When they’re close enough, and they move about, it’s not difficult to identify caprioli, with their perky white bottoms. They do stand out brightly.

We also, though, have cervi (Cervus elaphus – Red deer), or so I’m told. These are recognisable by virtue of being enormous, and having – in the male of the species – bloody big horns. L maintains he once spotted a stag in full fag down in our field, and that’s perfectly possible. I can’t say that I’ve ever seen one.

It’s tempting of course to think that what I hit was a noble cervo: it certainly looked pretty huge at the time of impact. But I rather suspect it was a humble capriolo which isn’t quite so impressive. Still, it’s probably solid enough to make a large dent in your bonnet in the event of a full-on hit.

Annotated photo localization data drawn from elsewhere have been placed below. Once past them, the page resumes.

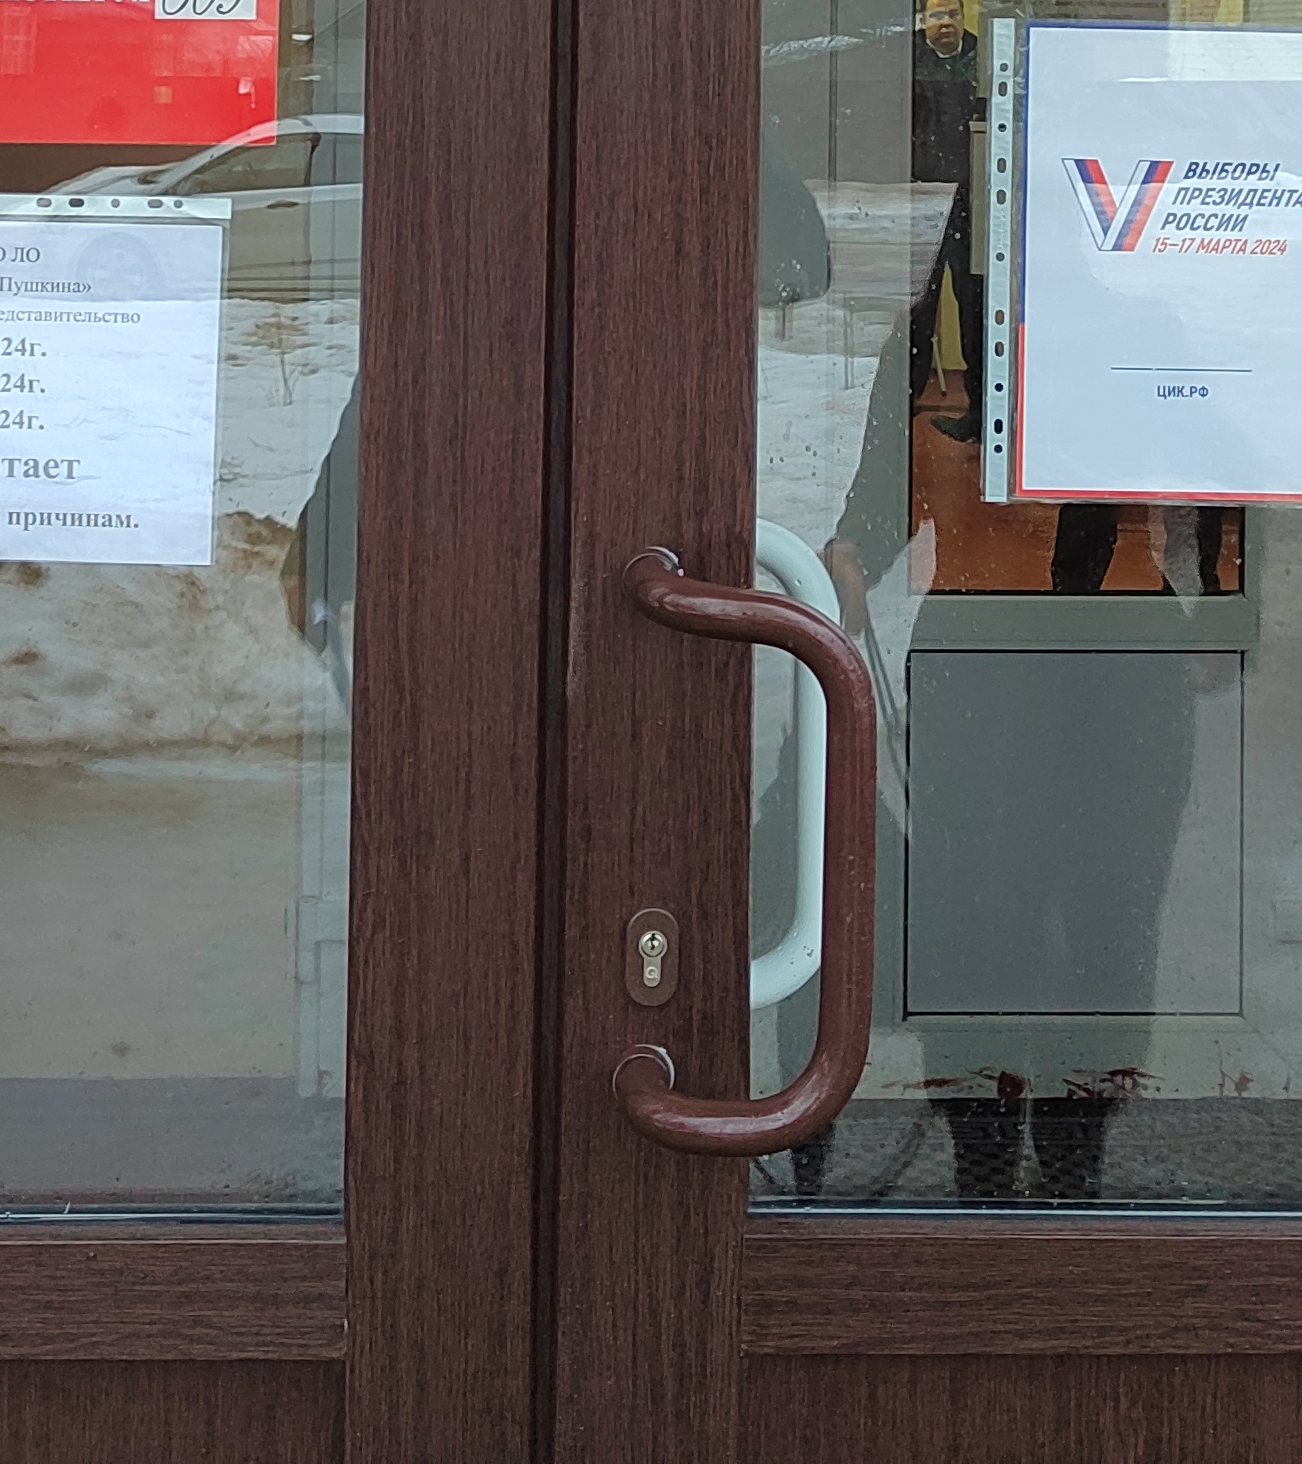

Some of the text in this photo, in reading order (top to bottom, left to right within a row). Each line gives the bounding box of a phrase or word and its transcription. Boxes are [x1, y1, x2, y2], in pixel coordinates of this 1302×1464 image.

[1183, 161, 1281, 182] ВЫБОРЫ
[1160, 212, 1249, 233] РОССИИ
[10, 247, 41, 265] ЛО
[1197, 238, 1249, 255] МАРТА
[1251, 239, 1287, 256] 2024
[0, 276, 92, 296] Пушкина»
[1157, 384, 1209, 400] ЦИК.РФ
[7, 510, 140, 531] причинам.

It’s odd how animals you have to face up to against your will tend to look so immense. We often, for example, have field mice in our chicken house. (No chickens… that’s just what the outbuilding is called.) They’re kind of annoying in that they nibble on anything made of plastic, including the handlebar covers on my bike, various bits of the lawnmower, wellies and big bottles of very expensive organic products to spray on plants. They have to keep gnawing, apparently, because their incisors never stop growing and need to be constantly ground down, which makes anything you happen to have lying about fair game for them. As they are (mainly) quiet and retiring, and scurry away whenever humans are about, I can (mainly) resign myself to this, bravely telling myself that they too have a right to live in this rural idyll. Grrrrr

Rats, on the other hand, are a different kettle of fish. We get them very rarely, thank goodness. But the one which stared up at me a couple of weeks ago as I lifted the cover off the compost bin it was ransacking, and looked down at me menacingly from the rafters of the chicken house, was the size of a small cow. It was. I swear. Well, you know… it was far bigger than it should have been.

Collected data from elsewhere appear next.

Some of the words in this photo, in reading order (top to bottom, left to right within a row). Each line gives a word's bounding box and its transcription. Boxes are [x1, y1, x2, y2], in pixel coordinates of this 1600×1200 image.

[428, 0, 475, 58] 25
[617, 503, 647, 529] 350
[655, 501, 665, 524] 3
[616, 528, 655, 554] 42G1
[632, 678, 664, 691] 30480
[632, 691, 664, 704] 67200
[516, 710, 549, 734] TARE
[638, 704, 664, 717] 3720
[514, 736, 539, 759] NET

So I decided it had to go. I don’t like killing animals (except ants). But… there are red lines. This creature had not just nibbled genteely at the plastic tops of my organic product bottles: it had chomped right through the bottle itself, decorating the chicken house floor with great puddles of exorbitant liquid.

I went to the hardware shop to purchase the most lethal thing they had. The lady in there waved ‘humane traps’ at me, but I told her my humanity had withered at the sight of a cow-sized rat. I wanted instant death.

Her husband produced a packet of rodent bait, of the one-bite-and-you’re-dead variety. Perfect. It took a while to get out of the store. He had to tell me his rodent tale. Because everybody has one. His was a humble mouse, but a mouse which got into his car, made its way into the glove compartment and consumed all his car documents. By chance he was stopped at a police road block soon after. Instead of docs all he could produce was some shredded paper with large dollops of mouse droppings. So he was fined for having no documents and had to pay a huge whack for fast-tracking the new papers. He was happy – nay, eager – to help me with my carnage.

The instructions said to leave one tablet somewhere the rodent could access it easily. I left five. Next morning, they had all gone. So that evening, just to be safe, I put down five more. Next morning they were gone. Part of me was worried that these tablets were turning my beast into super-rat: that I’d open the chicken house door and meet it eye to eye. The other part thought: just die, will you?

I forgot to distribute more destruction that evening. No matter. Ratty went ahead and helped himself: the following morning there was no sign of the carefully sealed plastic bag I had left on a top shelf. Surely, surely, now it must be dead.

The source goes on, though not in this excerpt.